Supremes legislate from the bench on DACA. What now?
On questions of immigration, the Supreme Court seems to be representing the interests of foreign nationals who haven't bothered to come to the U.S. legally.
They threw out the perfectly legitimate request to reinstate the 2020 Census question on U.S. citizenship, something that has been on that form since the dawn of the Census and only recently was dropped, saying the Trump administration hadn't presented a good enough reason to do it.
Now they've done the same thing on the question of Deferred Action for Childhood Arrivals (DACA), the Obama administration executive order that permits a large bloc of illegal aliens to work and stay in the country with zero fear of deportation, cutting them a spot in the line well ahead of immigrants. Message: Get across the border with your kids; waiting in line to immigrate to the U.S. legally is a chump's errand. They cited the exact same reason as on the earlier question: that the Trump administration didn't give a good enough reason to them to do it.
This is bizarre stuff — if Obama had a right to issue the order, why does Trump not have the right to rescind the order? If past presidents had the right to ask about citizenship in the Census, why does this one have to jump through hoops and hope his rationale is good enough to pass muster from the Supreme Court hall monitors? Equal justice much?
It's not as if this order involved negating legislation — in fact, the original DREAM Act from which DACA sprang actually failed to pass legislation, which ought to weight its rescission all the more. But somehow, Trump gets less.
It certainly would explain why Trump put out this tweet, much derided from the left.
Do you get the impression that the Supreme Court doesn’t like me?
— Donald J. Trump (@realDonaldTrump) June 18, 2020
It's kind of creepy to know there's a Supreme Court out there that gives more presidential rights to presidents of one party and fewer to another. Funny what Trump-hate can do to legal reasoning.
The problem is Chief Justice John Roberts, the Bush administration appointee who has rapidly swung to the leftist side of the court and pretty well sides with the leftists every time. (This despite Democrats' insulting behavior to him during their impeachment fiasco.)

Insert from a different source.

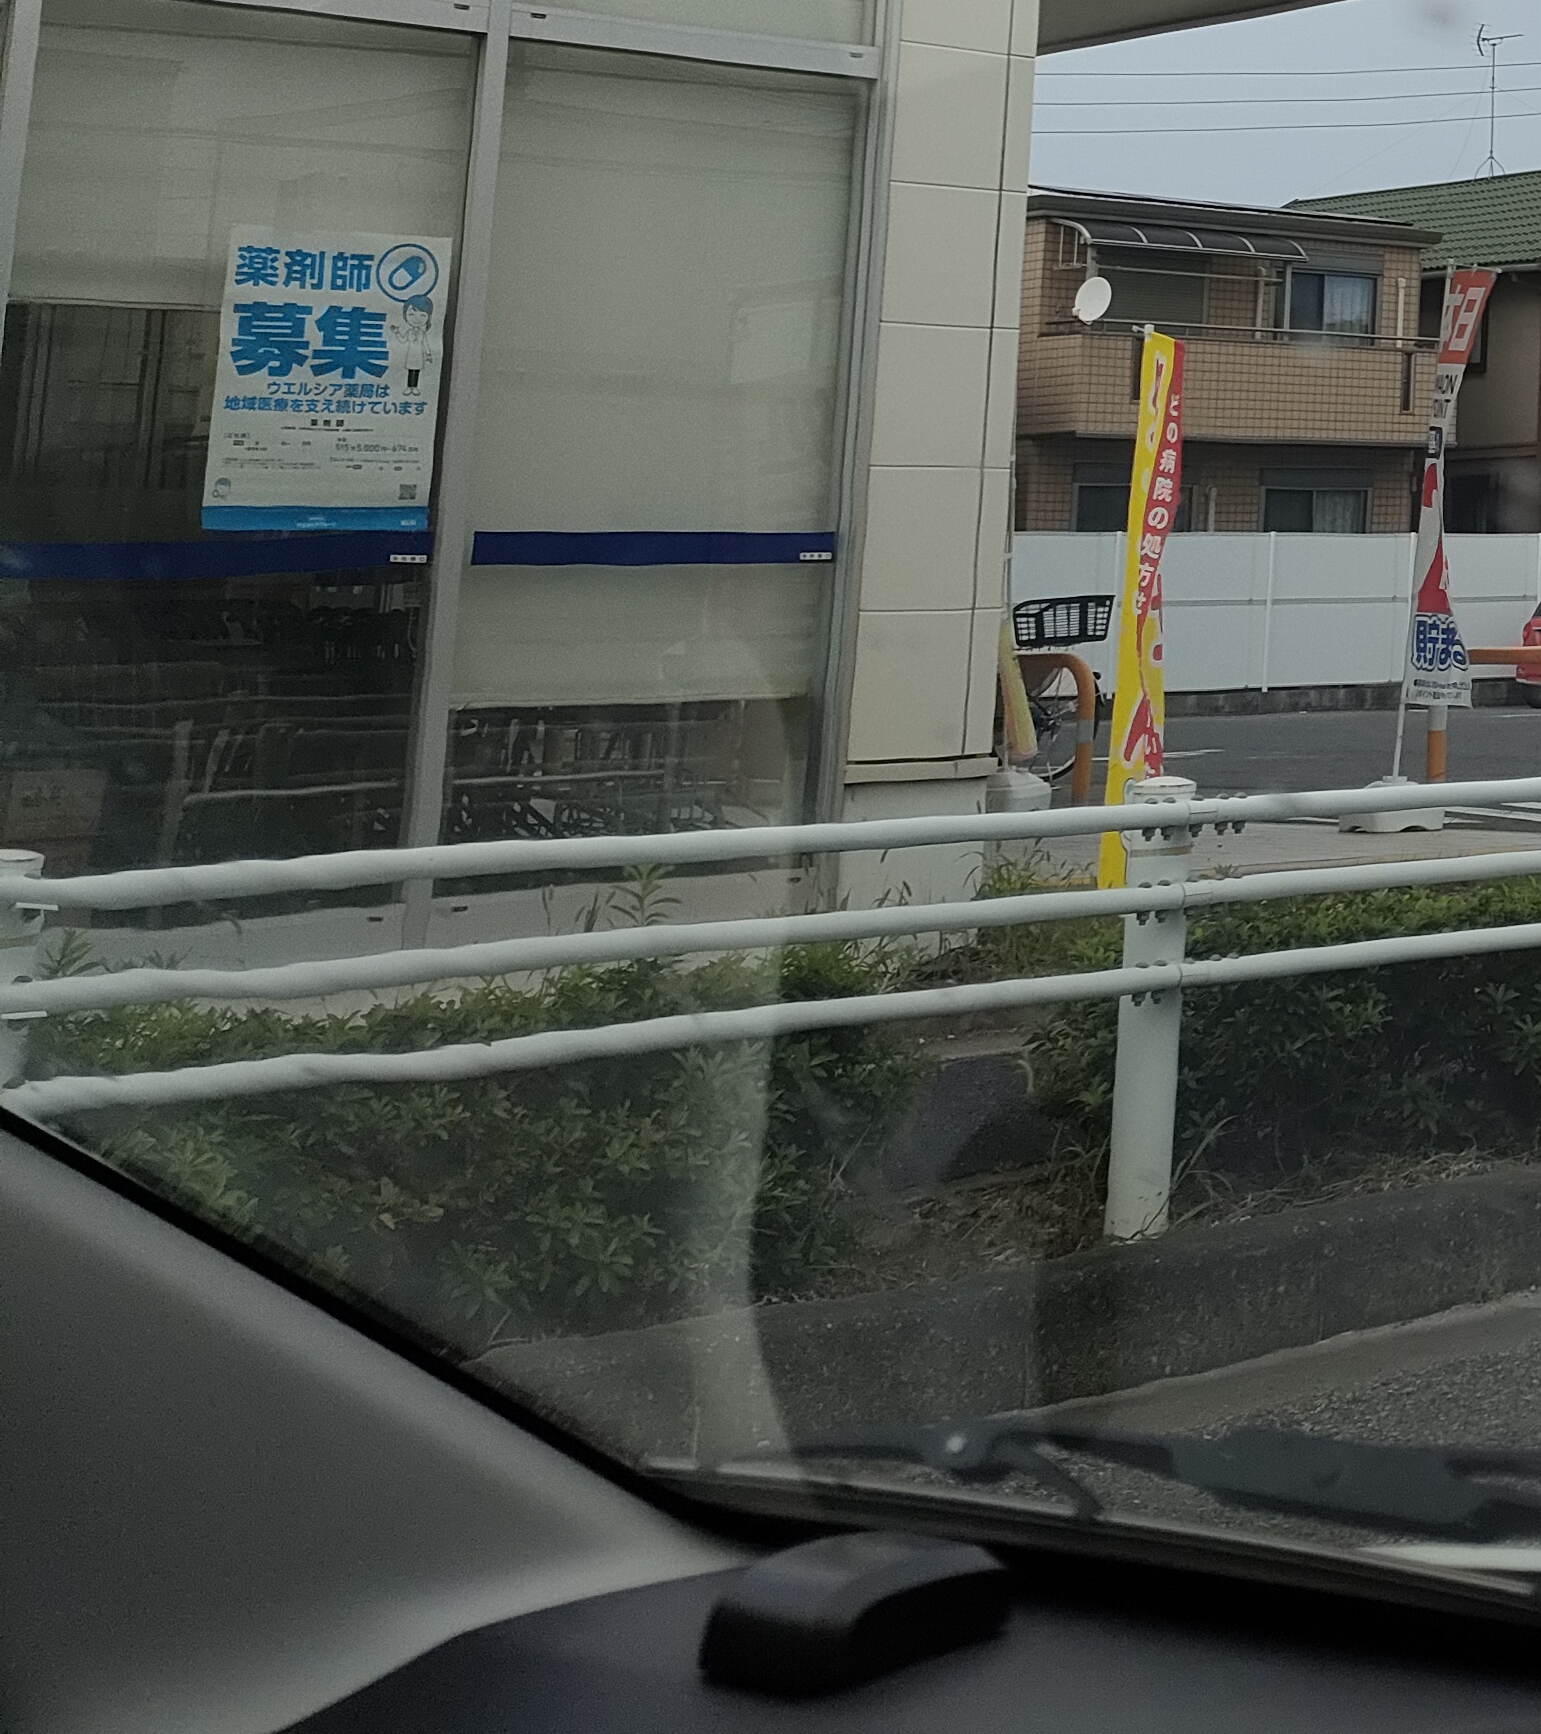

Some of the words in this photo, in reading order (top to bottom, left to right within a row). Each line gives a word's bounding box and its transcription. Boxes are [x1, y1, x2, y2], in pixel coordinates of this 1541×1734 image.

[235, 245, 375, 293] 薬剤師
[229, 301, 390, 380] 募集
[223, 395, 428, 416] 地域医療を支え続けています
[266, 381, 390, 398] ウエルシア薬局は

Now Joe Biden's out touting the greatness of the ruling, and the press is reporting that it's re-charging his campaign and he plans to run with it:
Biden vows to make DACA permanent on "day one" if elected president https://t.co/jZHAerGon8 pic.twitter.com/EtuEIR8Xe9
— The Hill (@thehill) June 18, 2020
Former Vice President Joe Biden claimed on Tuesday that illegal immigrants [sic] in the Deferred Action for Childhood Arrivals (DACA) program are "more American than most Americans" because they had "done well in school."
Biden, who recently said he believed drunk driving should not be crime that warrants deportation, made the statement during a campaign rally in Ames, Iowa.
Now he says this:
Dreamers are Americans. Period.
— Joe Biden (@JoeBiden) June 18, 2020
As for Trump, he's back to the drawing board. Politico says it would actually be a tough thing for him to decide whether to try again and win Justice Roberts's NeverTrump heart over, or to just scrap it and hold off until re-election.
Trump is already lagging behind presumptive Democratic presidential nominee Joe Biden in both national and swing state polls. Trying to shutter DACA again could hurt his chances to appeal to Hispanics and slice into Democrats' advantage with them. Some Republicans argue DACA should be rescinded because it was created through an improper use of executive authority but they would still like Dreamers to be protected through legislation.
One thing he could do is work on alternatives to DACA — such as preferential legal immigration for young people in countries where most DACA recipients come from, making it more attractive to immigrate to the U.S. legally than illegally, or the suspended animation of DACA.
Another possibility is to break up the large undifferentiated bloc of DACA recipients — 700,000 people, all admitted on the lowest of standards — and initiate seriously tough standards for admission, cream of the crop alone — no record of any crime whatsoever, no record of illegal voting or ballot-harvesting, and either military service or some kind of proof of immigrant drive over welfare attachment — such as evidence of entrepreneurship for the less academic, or academic achievement in a STEM (as opposed to a woke studies) discipline for the more academically driven — plus fluency in English and other proof of assimilation. For those who quality, maybe a revised DACA, with a path to citizenship, but no chain migration privileges to reward the parents who foisted them upon us, could be the substitute, a good deal for the better of the DACA kids plus less crime, social disintegration, and Democrat voting blocs for the rest of us.
It's hard to say what will happen now, but for sure, making better offers to attract more law-abiding and economically contributory people would maybe get the rescission of the order through. With Roberts around, though, maybe it's just best to appoint better judges.